Where prices aren't going up
EDITOR'S NOTE
I keep having sticker shock at the fast-food checkout.
This morning I swung by Dunkin' on my way in for a much-needed second breakfast. Small coffee, croissant sandwich, and hash browns. The bill was over $7. Earlier this summer, I splurged for the medium-sized Blizzard at Dairy Queen (mint Oreo, obviously). It was more than $6! I was so startled I still remember it. And a few weeks ago, we stopped by Wendy's for a late-afternoon snack. Ten-pack of spicy nuggets, a lemonade, and a third minor item that escapes me now, and the bill was over $10.
So I'm happy to pound the table on fast-food price inflation. But despite this morning's surprisingly strong CPI report, I can't jump on the broader "inflation-is-coming" bandwagon just yet.
We saw a 0.4% jump in August consumer prices, the third month in a row the report was stronger than expected. Still, the index is only up 1.3% from last August. The core (excluding food and gas) is up 1.7% on the year. There were some notable standouts: used car prices posted their biggest jump in fifty years. Household furnishing prices rose by the most in almost thirty years.
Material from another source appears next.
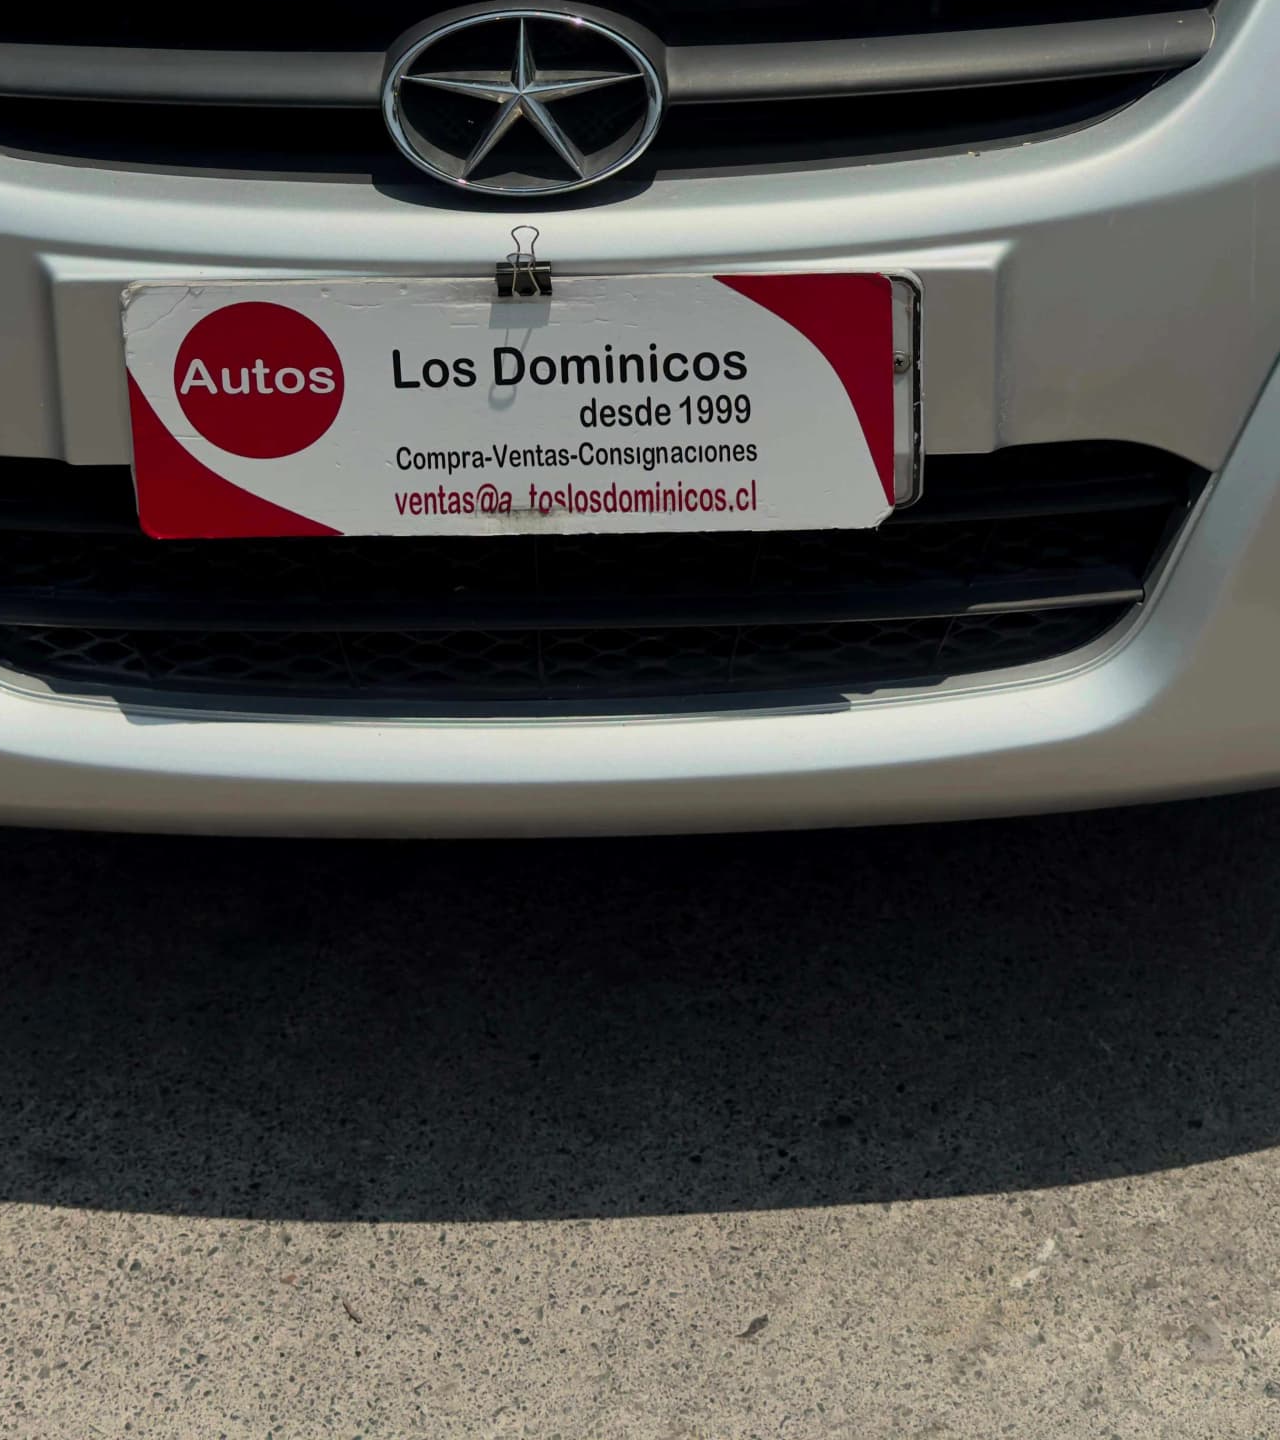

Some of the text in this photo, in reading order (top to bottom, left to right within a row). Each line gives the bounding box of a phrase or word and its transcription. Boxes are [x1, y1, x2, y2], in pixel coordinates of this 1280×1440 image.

[180, 343, 748, 395] Autos Los Dominicos
[579, 394, 751, 428] desde 1999
[396, 441, 758, 475] Compra-Ventas-Consignaciones
[395, 480, 757, 515] ventas@atoslosdominicos.cl
That's not the whole story, though. Especially on the services side, price gains were pretty muted. Air fares and car insurance pricing was softer. Housing and health care price hikes were muted, too. And yes, suburban home prices are going bananas. But rents in large markets like New York and San Francisco are falling sharply, keeping those overall housing "costs" at bay.
Even in those areas where prices did spike, like home furnishings, inventory shortages are a major reason. As Jefferies points out, the retail industry's inventory-to-sales ratio has plunged to a record-low 1.15 (it floats between one and two, and hovered around 1.4 over the past decade). This rings true; I ordered some Pottery Barn curtains for our bedroom that won't be in stock until late November. It won't last forever, though. As Jefferies' Aneta Markowska put it, "the price firmness might continue for another month or two, but not beyond that."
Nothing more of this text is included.